Choix d’un dispositif d’oxygénation:
Au niveau de l’oxygénation, il s’agit à peu près de la seule situation où nous allons viser une SpO2 à 100%. En effet, la procédure étant très courte, on craint moins les complications au long terme d’une hyperoxygénation, et on cherche en revanche à se donner le maximum de réserve en oxygène afin d’autoriser un délai de procédure le plus long possible (pour palier à tout imprévu comme l’intubation difficile, l’échec d’intubation avec multiples tentatives…).
Dans ce contexte il faut différencier les patients non hypoxémiques, des patients hypoxémiques. L’adage décrit au dessus est toujours valide: l’oxygénation est toujours la priorité des priorité, c’est l’hypoxie qui tue. Il n’y a que chez un patient recevant une ISR pour un motif non respiratoire (exemple un coma, eupnéique en air ambiant, sans aucun facteur de risque en terme de désaturation comme une obésité, une BPCO) que l’on peut considérer une préoxygénation à l’oxygène simple à 15L/min sans autre support.
Ainsi une étude récente (14) a contribué à balayer les conseils de prudence incitant à ne pas ballonner au BAVU un patient avant de l’intuber pour éviter les insufflations d’air et les régurgitations… chez un patient grand hypoxique, l’intubation sera très périlleuse, on veut lui éviter de mourir avant de lui éviter d’inhaler en per-procédure, il est donc tout à fait possible et même souhaitable de ballonner ces patients à 100% de FiO2 pendant l’apnée afin de garder le plus de chances de ne pas désaturer pendant la laryngoscopie.
Dans l’idéal quand ces dispositifs sont accessibles, il est toujours préférables d’oxygéner avec une PEP significative afin de garder un maximum d’alvéoles recrutées même en apnée, et d’augmenter la CRF notamment chez les patients obèses avec de potentielles atélectasies à l’état de base. Cela est possible avec un simple BAVU en rajoutant une valve de PEP (et en veillant à diminuer le rythme du ballonnement, pour ne pas surdistendre les poumons). L’autre possibilité est de réaliser toute la pré-oxygénation à la C-PAP, ou encore à la VNI (15) avec des réglages basiques (PEP 5-6, AI 8, FiO2 100%), même au minimum, ces réglages seront beaucoup plus effectifs qu’un BAVU pour pré-oxygéner et prévenir les désaturations per-procédure (16). Il m’arrive de régler la VNI avec des PEP supérieures (8 par exemple) lorsque les patients sont hypoxémiques très sévères. La durée de la préoxygénation est de 3 à 5min.
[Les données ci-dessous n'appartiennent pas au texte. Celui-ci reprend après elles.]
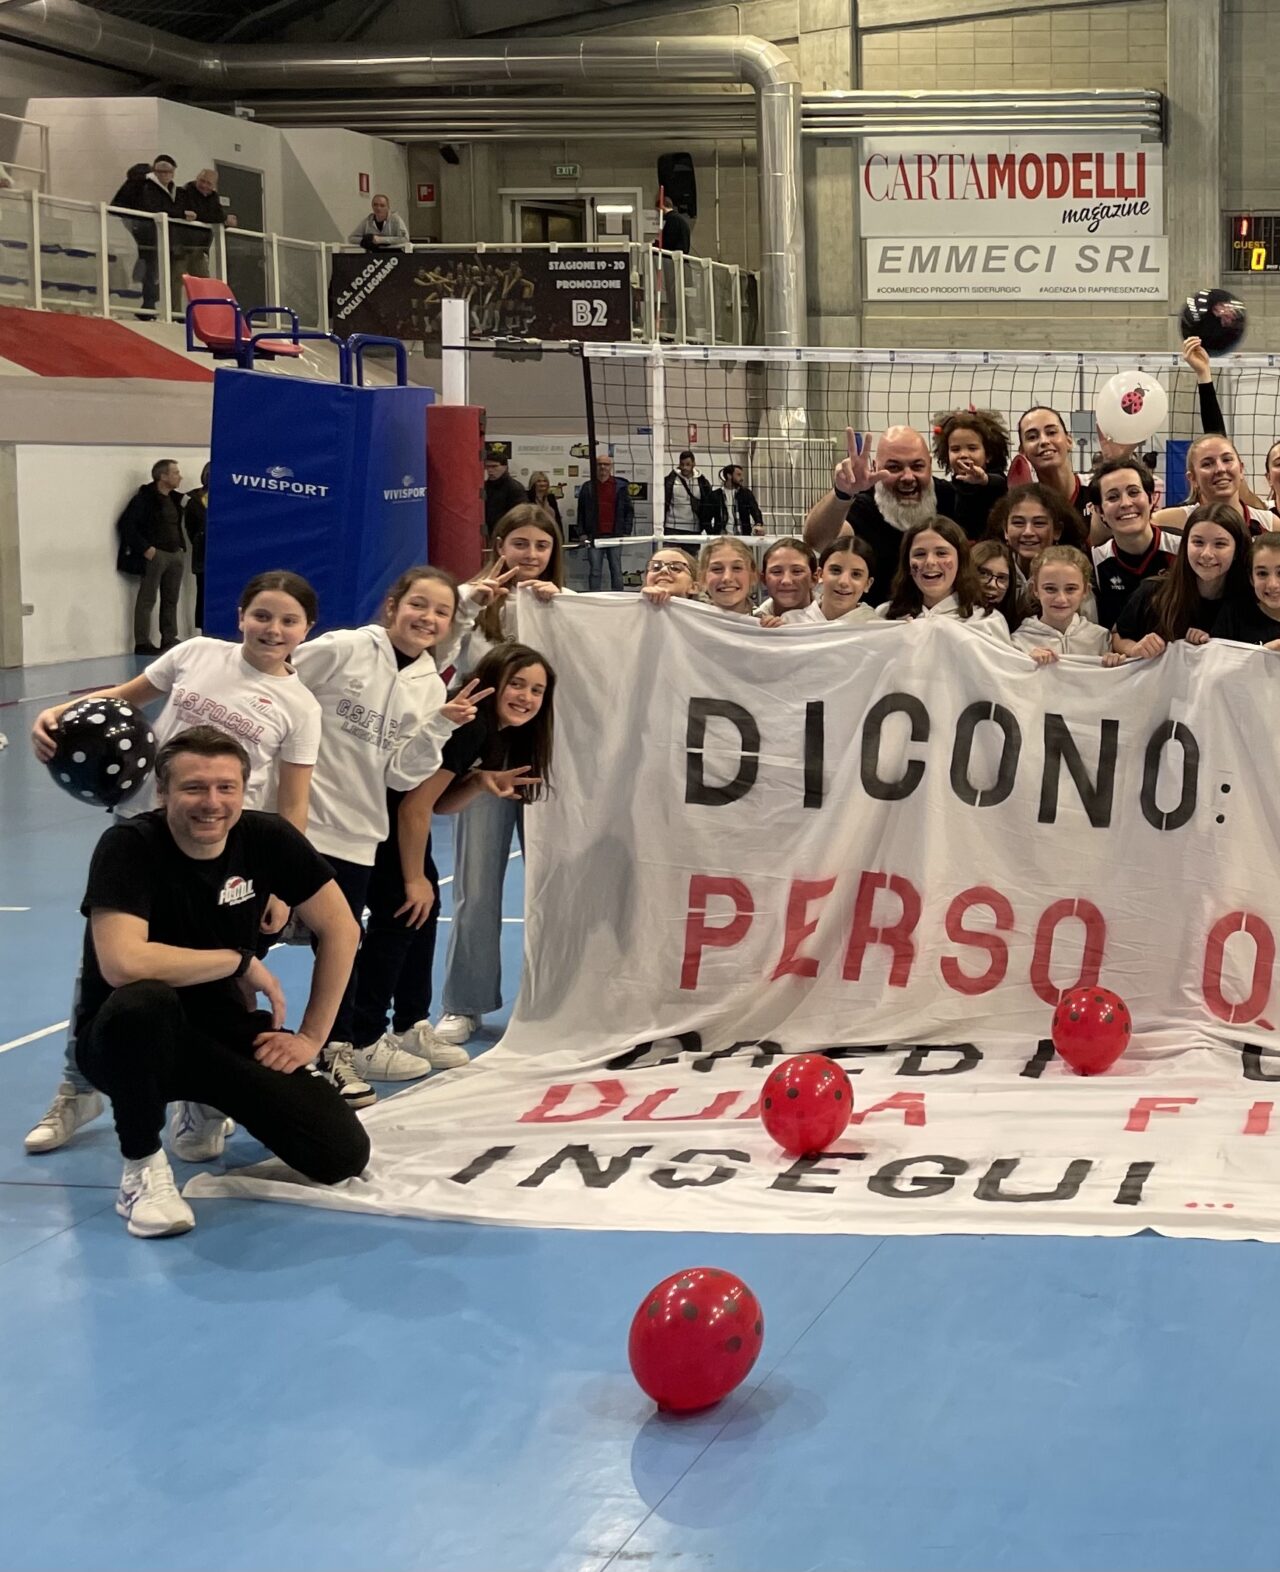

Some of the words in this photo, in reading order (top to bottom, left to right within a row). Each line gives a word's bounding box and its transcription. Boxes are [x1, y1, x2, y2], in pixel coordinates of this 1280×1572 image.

[556, 166, 574, 175] EXIT
[864, 152, 1146, 201] CARTAMODELLI
[1062, 197, 1151, 233] magazine
[1241, 219, 1248, 235] 1
[1233, 241, 1266, 249] GUEST
[548, 261, 595, 270] STAGIONE
[596, 261, 607, 270] 19
[613, 261, 626, 270] 20
[877, 245, 1057, 274] EMMECI
[1075, 245, 1161, 274] SRL
[1251, 248, 1266, 270] 0
[337, 290, 366, 319] VOLLEY
[363, 257, 399, 294] LEGNANO
[556, 280, 621, 289] PROMOZIONE
[877, 286, 929, 294] #COMMERCIO
[930, 286, 970, 294] PRODOTTI
[972, 286, 1022, 294] SIDERURGICI
[1039, 286, 1077, 294] #AGENZIA
[1079, 286, 1086, 294] DI
[1088, 286, 1160, 294] RAPPRESENTANZA
[572, 299, 608, 327] B2
[231, 473, 329, 497] VIVISPORT
[685, 692, 1231, 832] DICONO:
[679, 870, 1106, 1007] PERSO
[516, 1079, 927, 1125] DUA
Les études se tournent pour les prochaines années, sur la fameuse oxygénation d’apnée dite « ApOx » chez les anglosaxons, qui vise à continuer à oxygéner le patient même quand on retire le masque de C-PAP / VNI le temps de réaliser la laryngoscopie. Plusieurs protocoles sont testés, notamment en France avec la combinaison de VNI et d’Optiflow, ce dernier restant en place lorsque le masque de VNI est retiré (17).
V) Conclusion
- La détresse respiratoire aux urgences nécessite le choix du bon dispositif en fonction de la pathologie suspectée mais aussi parfois du contexte logistique et de l’environnement propre à la médecine d’urgence.
- La C-PAP est un outil très utile en urgence/SMUR de part sa rusticité, sa simplicité, et l’absence de preuves supérieures en faveur de la VNI (BiPAP) dans l’OAP.
- Quelque soit la pathologie, l’oxygénation urgente est toujours la priorité, c’est l’hypoxie qui tue.
- La VNI (BiPAP) est devenue essentielle et incontournable aux urgences, elle est indiquée en première intention dans les décompensations de BPCO, où elle a prouvé diminuer mortalité et taux d’intubation. Elle n’est pas indiquée dans les pneumopathies hypoxémiantes non hypercapniques, et pourrait même être délétère.
- L’oxygénothérapie haut débit (Optiflow) est une thérapeutique nouvelle et peu documentée aux urgences. Elle semble intéressante pour les pneumopathies hypoxemiantes non hypercapnique et les bronchiolites sévères du nourisson.
- La préoxygénation d’un patient avant intubation en séquence rapide doit être optimisée en fonction du terrain et de la pathologie. Tout hypoxique sévère devrait être préoxygéné avec de la VNI (BiPAP).
Biblio:
Petite question sur VNI et BPCO.
La PEPexterne appliquée vise à lutter contre l’autoPEP si j’ai bien lu.
Mais n’y a t il pas un risque d’hyperinflation dynamique ?
Et merci pour ce topo clair net qui remets les choses au clair, même quand on les pratique régulièrement.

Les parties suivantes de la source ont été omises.